Dumping is usually understood to mean that a product is exported at a price lower than the price at which the identical or a similar product is sold by the same producers on the exporting country’s domestic market. Dumping can be either a result of monopoly or an instrument to create or strengthen monopoly.
The conditions mandatory for dumping to take place are
1. Presence of an imperfect market where price discrimination between markets is possible. (Because in imperfect markets firms are price setters not price takers) 2. Segmented markets where there is no arbitrage easily possible between markets.
Only if these two conditions are satisfied is it possible for the exporting firm to engage in dumping. For any firm, price discrimination in favor of exports is more common because the share of exports is usually lesser than the domestic demand.
The classic view at dumping identifies the following types
· Private long term dumping and price discrimination
· Subsidized and public dumping
· Dumping in the interest of the exporting country
· Short term dumping
Private long term dumping and price discrimination
Private long-term dumping and price discrimination can result from the profit maximizing policies of a discriminating monopolist. The behavior of the monopolist will be based on the elasticity of demand existing in the domestic and foreign markets. Suppose the domestic demand is less elastic compared to the foreign demand he will restrict the supply of goods in the domestic market (to raise the prices) and dump the product in the foreign market to take advantage of the price elasticity of demand existing there. This concept can be graphically represented.
figure:1
In the figure 1; Dh D’h and Df D’f represent the domestic and foreign demand curves respectively. Mh M’h and Mf M’f represent marginal domestic and marginal foreign revenue curves. The horizontal summing of the two marginal revenue curves gives the aggregate marginal revenue curve Ma M’a. The domestic producers marginal cost curve is C C’. The discriminating monopolist will produce at the point where his aggregate marginal revenue is equal to his marginal cost. Total output will be OR, sales at home- O Wh, and sales abroad- O Wf. The producer has equated his marginal revenue in both markets to his marginal cost, hence satisfying the condition for his private optimum. The price at home is O Ph and price of export is O Pf. In the diagram it is assumed that at the relevant points the elasticity of demand at home is lower than that abroad, so that the domestic price is higher, and thus there is dumping. The essence of private dumping is price discrimination.

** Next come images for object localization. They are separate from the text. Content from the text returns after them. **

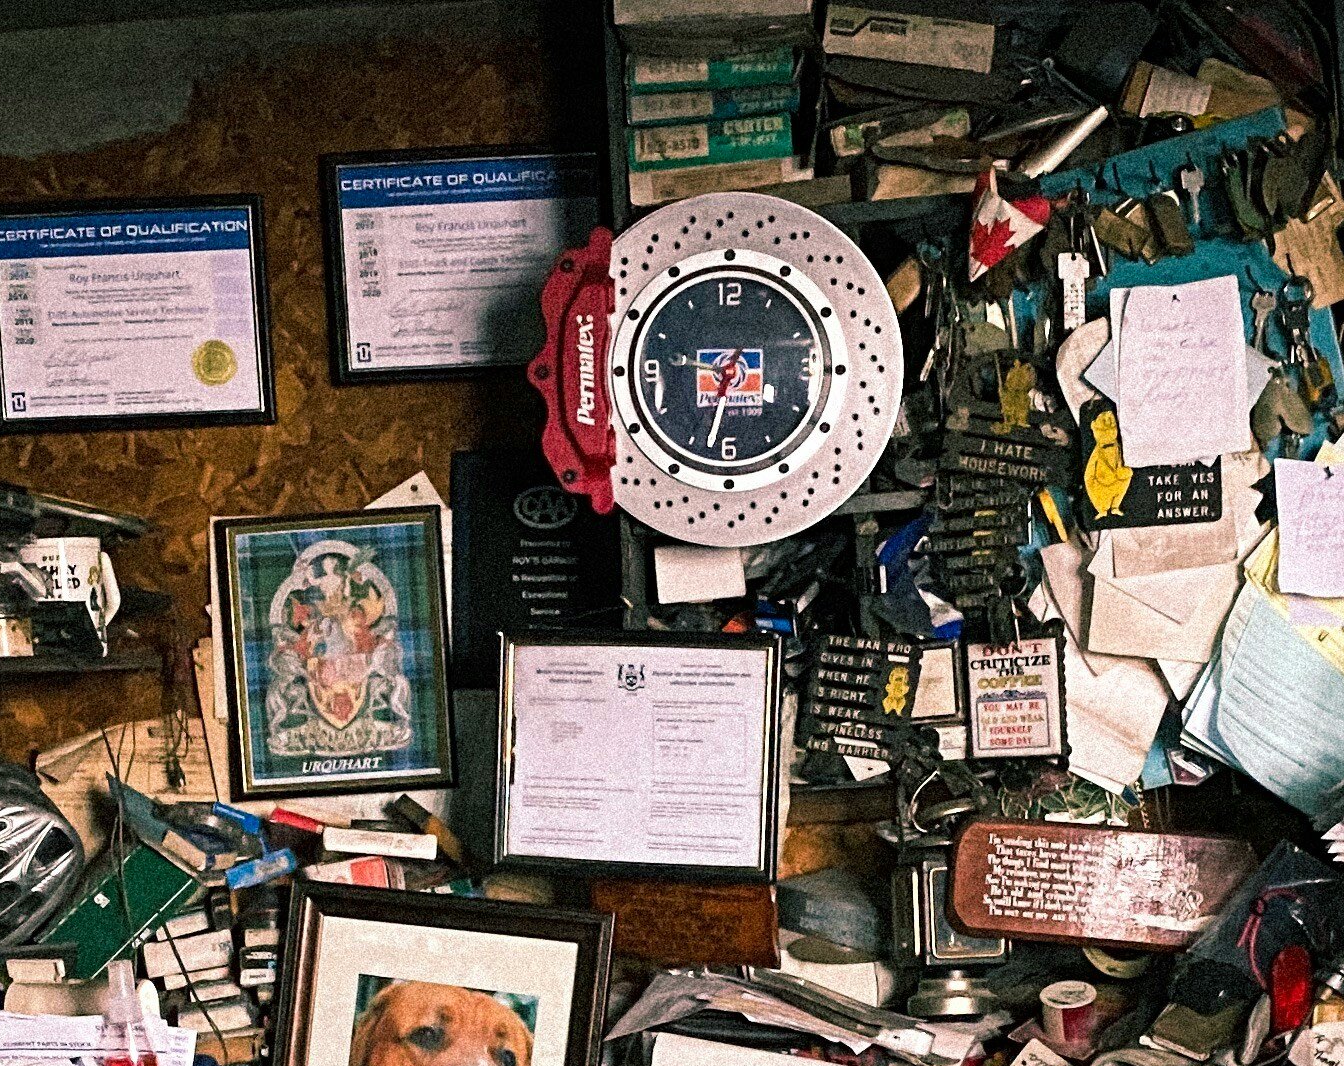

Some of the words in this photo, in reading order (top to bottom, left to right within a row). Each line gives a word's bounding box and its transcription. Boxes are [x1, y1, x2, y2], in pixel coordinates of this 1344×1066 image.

[341, 176, 443, 191] CERTIFICATE
[446, 174, 468, 185] OF
[100, 225, 121, 237] OF
[125, 220, 248, 237] QUALIFICATION
[718, 283, 742, 306] 12
[576, 318, 594, 426] Permatex
[645, 360, 659, 383] 9
[721, 437, 737, 460] 6
[994, 445, 1033, 460] HATE
[959, 456, 1048, 481] HOUSEWORK
[1148, 473, 1179, 486] TAKE
[1191, 473, 1215, 484] YES
[1156, 491, 1182, 502] FOR
[1193, 489, 1208, 500] AN
[1157, 506, 1216, 519] ANSWER.
[829, 635, 851, 647] THE
[857, 639, 880, 652] MAN
[887, 642, 911, 654] WHO
[982, 642, 1043, 656] DON'T
[820, 652, 854, 666] GIVES
[861, 656, 874, 668] IN
[970, 655, 1051, 671] CRITICIZE
[817, 670, 849, 682] WHEN
[855, 673, 870, 685] HE
[996, 667, 1025, 676] THE
[977, 675, 1042, 690] COFFEE
[983, 703, 1000, 712] YOU
[1005, 702, 1023, 711] MAY
[1028, 701, 1041, 710] BE
[820, 722, 883, 740] SPINELESS
[989, 725, 1033, 736] YOURSELF
[806, 739, 829, 752] AND
[302, 756, 382, 774] URQUHART

Subsidized and public dumping
This is a case of competitive market, not monopoly. The case of an export subsidy is represented in figure 2. The domestic supply curve, which is equal to marginal costs is represented by Sh S’h. Domestic demand curve is Dh D’h. Here price is equal to marginal cost of production. The foreign demand is assumed to be perfectly elastic as represented by the foreign demand curve Df D’f. An export subsidy of Df S is installed which raises the domestic price to OS. Consumption falls and production rises. For the higher domestic price to be possible there have to be either transport costs or a domestic tariff. Domestic consumers pay the price OS and foreign consumers pay a lower O Df. Thus there is dumping.
figure:2
The case of public dumping is more or less the same. Here we are concerned with export marketing arrangements in which there are private competitive producers and a marketing board intervenes to protect exports, rather than maximizing the profit of producers. The board will charge a higher price to the domestic consumer and the profit margin will be used to provide export subsidy.

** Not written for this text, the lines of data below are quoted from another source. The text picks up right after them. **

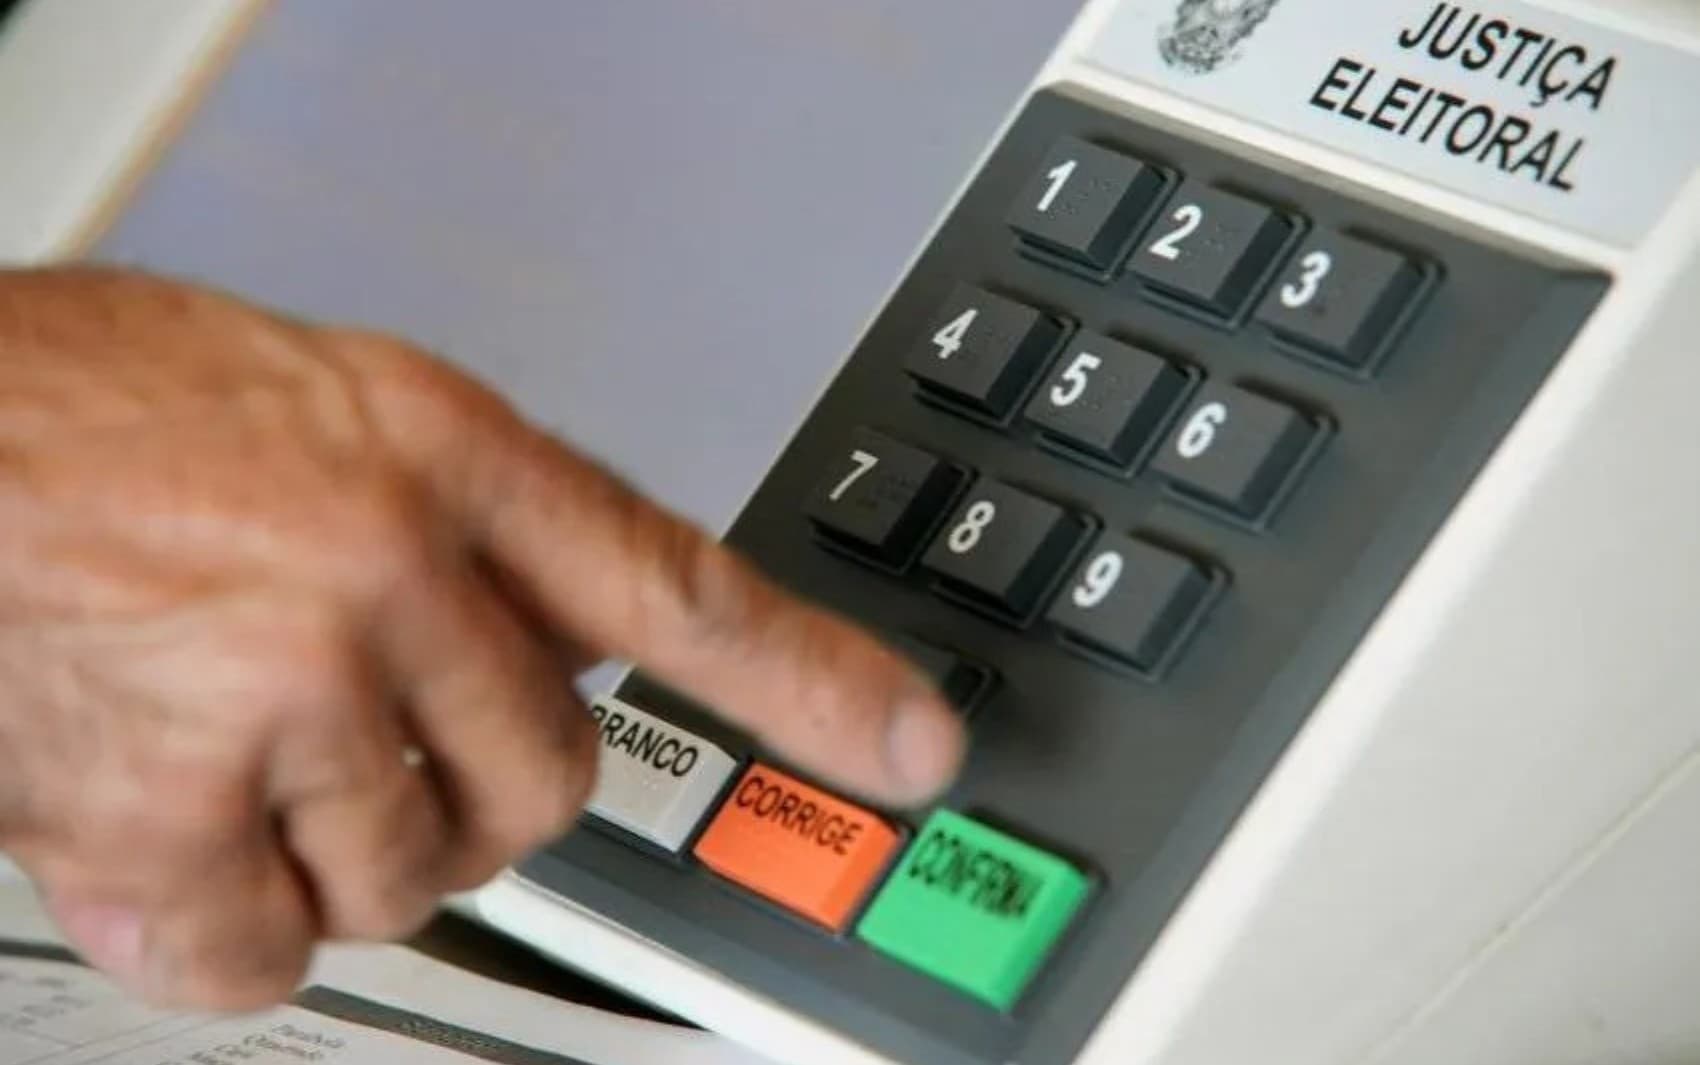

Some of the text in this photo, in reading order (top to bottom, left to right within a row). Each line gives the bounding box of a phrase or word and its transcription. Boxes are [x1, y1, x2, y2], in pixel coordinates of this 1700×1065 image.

[1399, 2, 1617, 110] JUSTIÇA
[1309, 57, 1586, 192] ELEITORAL
[1036, 159, 1077, 212] 1
[1149, 204, 1202, 260] 2
[1280, 251, 1331, 308] 3
[932, 309, 977, 359] 4
[1050, 352, 1101, 406] 5
[1176, 402, 1227, 458] 6
[829, 450, 879, 500] 7
[948, 501, 995, 553] 8
[1072, 551, 1123, 608] 9
[735, 775, 865, 856] CORRIGE

Dumping in the interest of the exporting country
As distinct from the private interest of the monopolist, dumping can also be in the national interest of the exporting country. National policy in the form of tariffs can make private long term dumping possible. If the foreign demand curve is perfectly elastic then a price equal to the marginal cost can be put for both the domestic and foreign markets. If the foreign demand curve is downward sloping the national optimum demands that in the export market marginal cost to be made equal to marginal revenue and in the domestic market marginal cost to be made equal to average revenue. Thus export price exceeds the domestic price (reverse dumping). In this situation by imposing an optimum export tax the country forces the exporters to bring down the export prices which in effect can lead to dumping.
Short term dumping
Short term dumping is of two types namely sporadic and predatory. Sporadic dumping is the fall in foreign supply prices due to variations in production abroad due to various technical reasons etc. Though a fall in prices is always beneficial to the consumers, it increases the risk of domestic producers.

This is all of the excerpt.